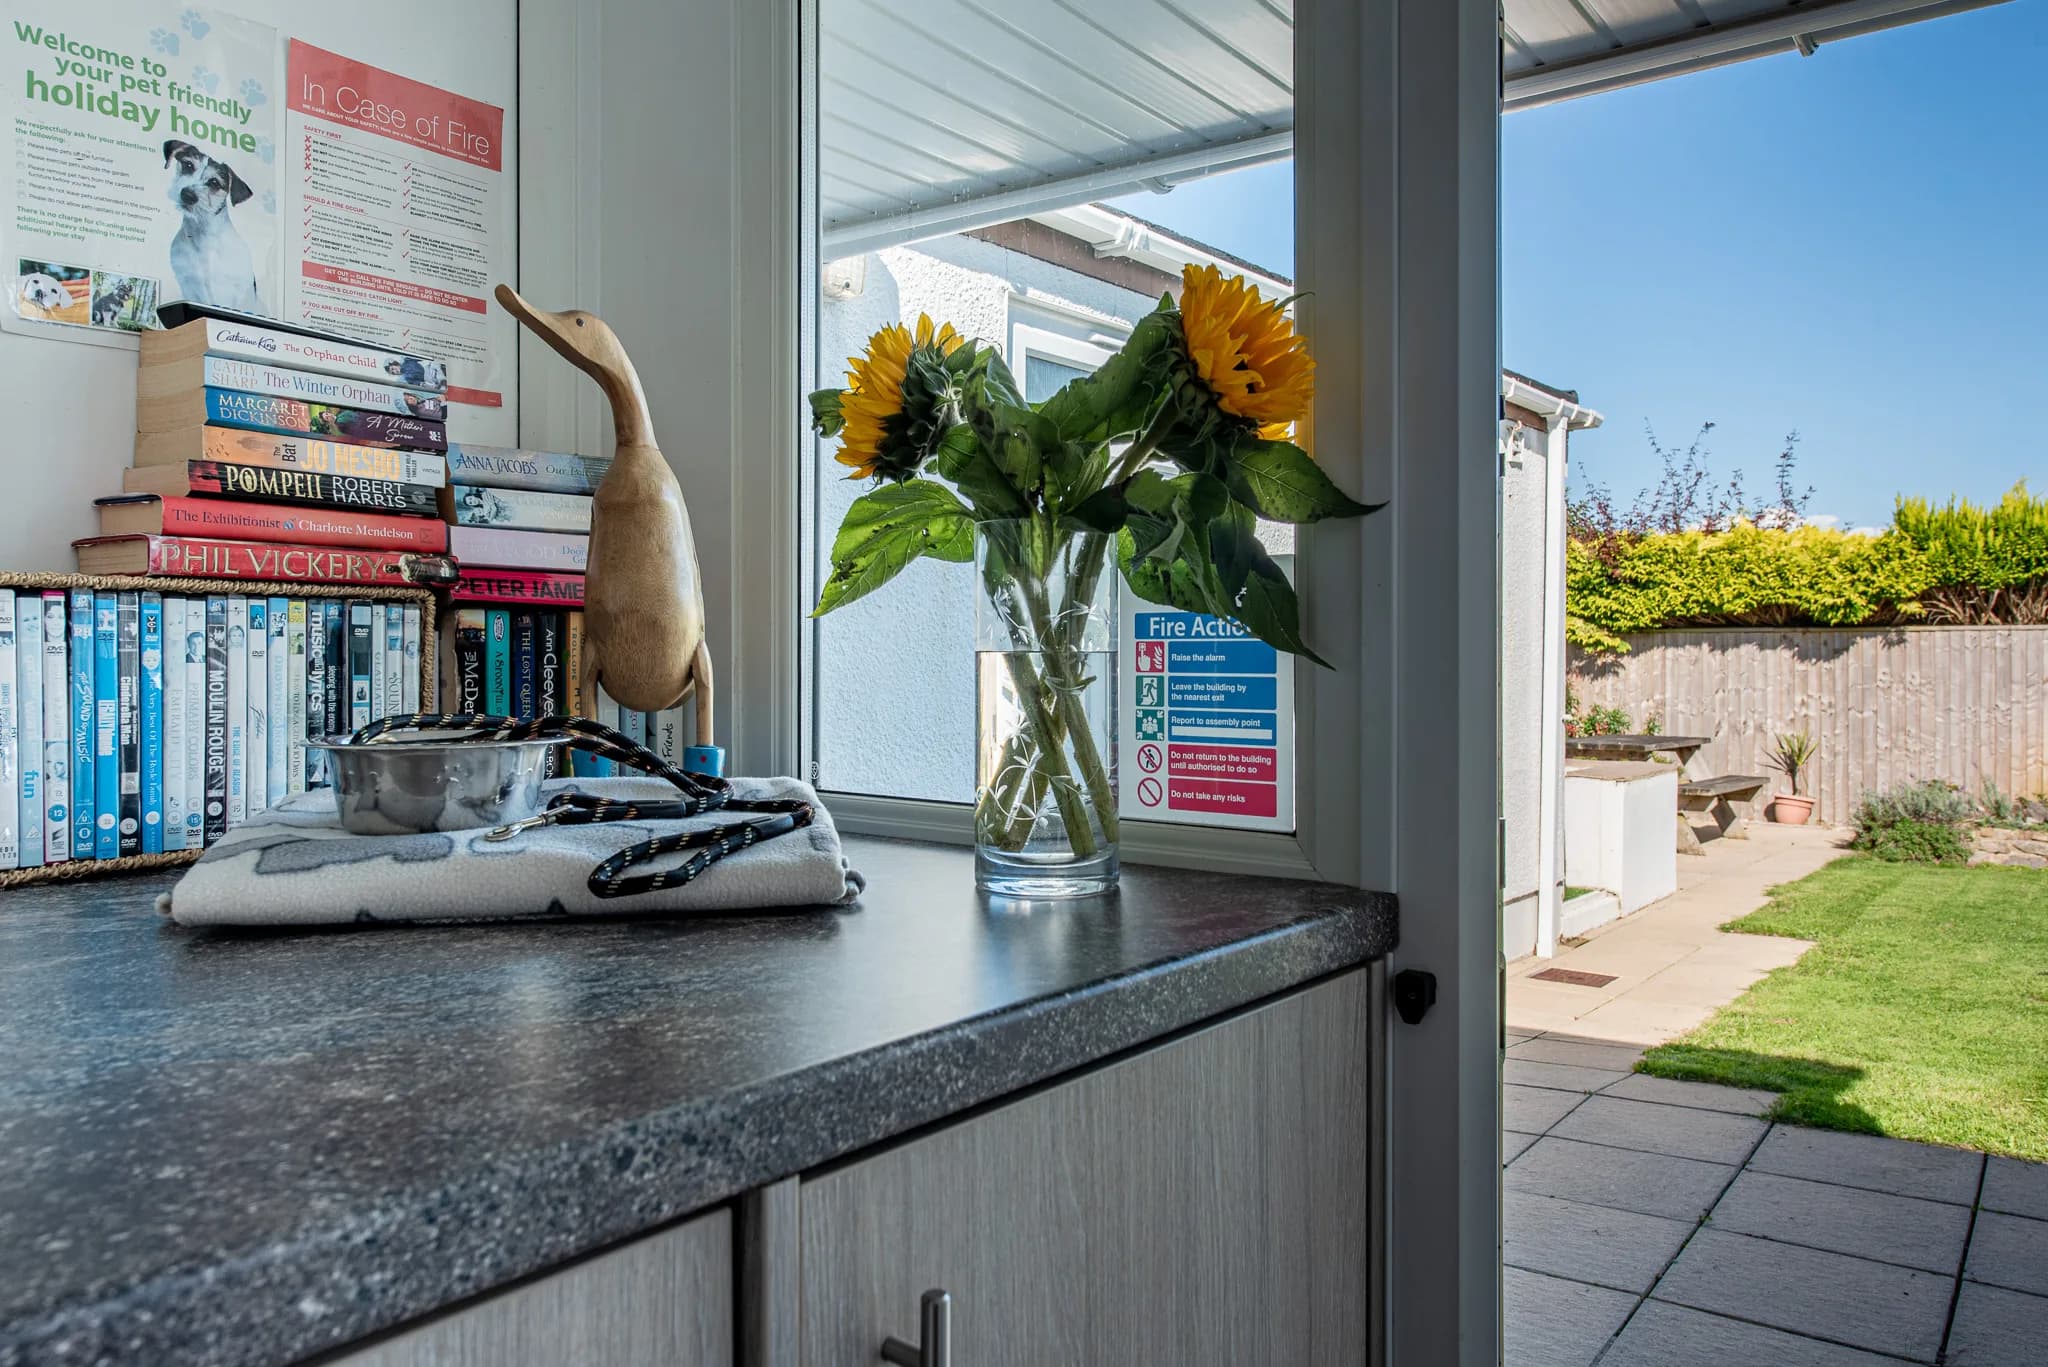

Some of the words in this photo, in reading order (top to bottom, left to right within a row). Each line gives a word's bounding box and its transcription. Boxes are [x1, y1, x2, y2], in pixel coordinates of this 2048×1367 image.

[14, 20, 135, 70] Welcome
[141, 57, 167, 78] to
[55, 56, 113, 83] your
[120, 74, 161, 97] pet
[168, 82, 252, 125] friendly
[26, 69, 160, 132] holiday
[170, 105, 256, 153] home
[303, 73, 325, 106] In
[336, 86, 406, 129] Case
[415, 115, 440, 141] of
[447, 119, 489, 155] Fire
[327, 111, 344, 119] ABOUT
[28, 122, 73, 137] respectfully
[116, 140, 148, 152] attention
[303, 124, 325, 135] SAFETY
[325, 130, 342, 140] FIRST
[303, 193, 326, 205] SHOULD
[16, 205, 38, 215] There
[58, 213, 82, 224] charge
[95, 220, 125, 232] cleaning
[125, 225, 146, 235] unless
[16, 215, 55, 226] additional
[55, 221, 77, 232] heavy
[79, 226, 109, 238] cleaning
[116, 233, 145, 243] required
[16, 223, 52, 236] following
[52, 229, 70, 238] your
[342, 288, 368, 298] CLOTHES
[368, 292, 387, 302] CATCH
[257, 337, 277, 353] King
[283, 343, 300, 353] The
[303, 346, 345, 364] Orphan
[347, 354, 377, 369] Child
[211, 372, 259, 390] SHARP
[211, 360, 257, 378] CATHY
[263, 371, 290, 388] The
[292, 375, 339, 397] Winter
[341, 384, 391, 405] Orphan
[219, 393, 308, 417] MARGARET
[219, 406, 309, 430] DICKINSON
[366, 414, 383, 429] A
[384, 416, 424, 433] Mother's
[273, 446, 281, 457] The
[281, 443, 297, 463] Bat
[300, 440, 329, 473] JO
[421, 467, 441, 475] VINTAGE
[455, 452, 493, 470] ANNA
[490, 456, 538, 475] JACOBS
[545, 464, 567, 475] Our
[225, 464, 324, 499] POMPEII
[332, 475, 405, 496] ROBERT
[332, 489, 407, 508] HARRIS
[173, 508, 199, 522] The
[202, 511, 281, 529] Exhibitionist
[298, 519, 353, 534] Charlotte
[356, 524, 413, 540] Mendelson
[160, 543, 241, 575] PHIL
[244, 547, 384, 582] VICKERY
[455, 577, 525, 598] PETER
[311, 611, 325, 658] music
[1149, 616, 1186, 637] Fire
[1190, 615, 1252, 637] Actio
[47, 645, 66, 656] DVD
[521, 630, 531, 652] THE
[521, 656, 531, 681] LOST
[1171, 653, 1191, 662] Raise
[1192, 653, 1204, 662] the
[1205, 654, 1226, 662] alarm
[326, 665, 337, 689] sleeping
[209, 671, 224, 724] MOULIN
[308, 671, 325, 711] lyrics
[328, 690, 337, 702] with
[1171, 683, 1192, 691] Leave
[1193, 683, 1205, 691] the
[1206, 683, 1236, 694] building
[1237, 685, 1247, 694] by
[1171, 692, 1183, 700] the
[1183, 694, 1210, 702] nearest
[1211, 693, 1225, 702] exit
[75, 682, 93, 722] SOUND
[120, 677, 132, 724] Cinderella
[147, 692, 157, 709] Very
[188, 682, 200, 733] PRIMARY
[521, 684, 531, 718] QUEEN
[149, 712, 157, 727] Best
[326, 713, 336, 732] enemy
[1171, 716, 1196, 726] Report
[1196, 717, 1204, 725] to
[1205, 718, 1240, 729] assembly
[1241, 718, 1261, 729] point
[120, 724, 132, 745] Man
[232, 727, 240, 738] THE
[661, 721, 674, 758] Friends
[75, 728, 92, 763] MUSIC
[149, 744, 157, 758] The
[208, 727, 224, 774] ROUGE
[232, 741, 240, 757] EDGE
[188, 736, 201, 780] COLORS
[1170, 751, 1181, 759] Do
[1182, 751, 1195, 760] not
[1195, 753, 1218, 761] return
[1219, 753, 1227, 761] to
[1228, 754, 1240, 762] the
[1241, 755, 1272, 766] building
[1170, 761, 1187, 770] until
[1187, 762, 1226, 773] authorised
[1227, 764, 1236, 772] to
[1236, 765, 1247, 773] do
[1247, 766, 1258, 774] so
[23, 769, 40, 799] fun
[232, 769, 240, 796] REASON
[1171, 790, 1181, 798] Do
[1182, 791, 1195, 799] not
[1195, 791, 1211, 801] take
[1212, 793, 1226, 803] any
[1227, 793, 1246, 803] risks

* * * * *

◆ Required work: Without including the pictures, copy all of the data exactly.

◆ Answer space:
Some of the words in this photo, in reading order (top to bottom, left to right within a row). Each line gives a word's bounding box and its transcription. Boxes are [x1, y1, x2, y2], in pixel coordinates of this 2048×1367 image.

[14, 20, 135, 70] Welcome
[141, 57, 167, 78] to
[55, 56, 113, 83] your
[120, 74, 161, 97] pet
[168, 82, 252, 125] friendly
[26, 69, 160, 132] holiday
[170, 105, 256, 153] home
[303, 73, 325, 106] In
[336, 86, 406, 129] Case
[415, 115, 440, 141] of
[447, 119, 489, 155] Fire
[327, 111, 344, 119] ABOUT
[28, 122, 73, 137] respectfully
[116, 140, 148, 152] attention
[303, 124, 325, 135] SAFETY
[325, 130, 342, 140] FIRST
[303, 193, 326, 205] SHOULD
[16, 205, 38, 215] There
[58, 213, 82, 224] charge
[95, 220, 125, 232] cleaning
[125, 225, 146, 235] unless
[16, 215, 55, 226] additional
[55, 221, 77, 232] heavy
[79, 226, 109, 238] cleaning
[116, 233, 145, 243] required
[16, 223, 52, 236] following
[52, 229, 70, 238] your
[342, 288, 368, 298] CLOTHES
[368, 292, 387, 302] CATCH
[257, 337, 277, 353] King
[283, 343, 300, 353] The
[303, 346, 345, 364] Orphan
[347, 354, 377, 369] Child
[211, 372, 259, 390] SHARP
[211, 360, 257, 378] CATHY
[263, 371, 290, 388] The
[292, 375, 339, 397] Winter
[341, 384, 391, 405] Orphan
[219, 393, 308, 417] MARGARET
[219, 406, 309, 430] DICKINSON
[366, 414, 383, 429] A
[384, 416, 424, 433] Mother's
[273, 446, 281, 457] The
[281, 443, 297, 463] Bat
[300, 440, 329, 473] JO
[421, 467, 441, 475] VINTAGE
[455, 452, 493, 470] ANNA
[490, 456, 538, 475] JACOBS
[545, 464, 567, 475] Our
[225, 464, 324, 499] POMPEII
[332, 475, 405, 496] ROBERT
[332, 489, 407, 508] HARRIS
[173, 508, 199, 522] The
[202, 511, 281, 529] Exhibitionist
[298, 519, 353, 534] Charlotte
[356, 524, 413, 540] Mendelson
[160, 543, 241, 575] PHIL
[244, 547, 384, 582] VICKERY
[455, 577, 525, 598] PETER
[311, 611, 325, 658] music
[1149, 616, 1186, 637] Fire
[1190, 615, 1252, 637] Actio
[47, 645, 66, 656] DVD
[521, 630, 531, 652] THE
[521, 656, 531, 681] LOST
[1171, 653, 1191, 662] Raise
[1192, 653, 1204, 662] the
[1205, 654, 1226, 662] alarm
[326, 665, 337, 689] sleeping
[209, 671, 224, 724] MOULIN
[308, 671, 325, 711] lyrics
[328, 690, 337, 702] with
[1171, 683, 1192, 691] Leave
[1193, 683, 1205, 691] the
[1206, 683, 1236, 694] building
[1237, 685, 1247, 694] by
[1171, 692, 1183, 700] the
[1183, 694, 1210, 702] nearest
[1211, 693, 1225, 702] exit
[75, 682, 93, 722] SOUND
[120, 677, 132, 724] Cinderella
[147, 692, 157, 709] Very
[188, 682, 200, 733] PRIMARY
[521, 684, 531, 718] QUEEN
[149, 712, 157, 727] Best
[326, 713, 336, 732] enemy
[1171, 716, 1196, 726] Report
[1196, 717, 1204, 725] to
[1205, 718, 1240, 729] assembly
[1241, 718, 1261, 729] point
[120, 724, 132, 745] Man
[232, 727, 240, 738] THE
[661, 721, 674, 758] Friends
[75, 728, 92, 763] MUSIC
[149, 744, 157, 758] The
[208, 727, 224, 774] ROUGE
[232, 741, 240, 757] EDGE
[188, 736, 201, 780] COLORS
[1170, 751, 1181, 759] Do
[1182, 751, 1195, 760] not
[1195, 753, 1218, 761] return
[1219, 753, 1227, 761] to
[1228, 754, 1240, 762] the
[1241, 755, 1272, 766] building
[1170, 761, 1187, 770] until
[1187, 762, 1226, 773] authorised
[1227, 764, 1236, 772] to
[1236, 765, 1247, 773] do
[1247, 766, 1258, 774] so
[23, 769, 40, 799] fun
[232, 769, 240, 796] REASON
[1171, 790, 1181, 798] Do
[1182, 791, 1195, 799] not
[1195, 791, 1211, 801] take
[1212, 793, 1226, 803] any
[1227, 793, 1246, 803] risks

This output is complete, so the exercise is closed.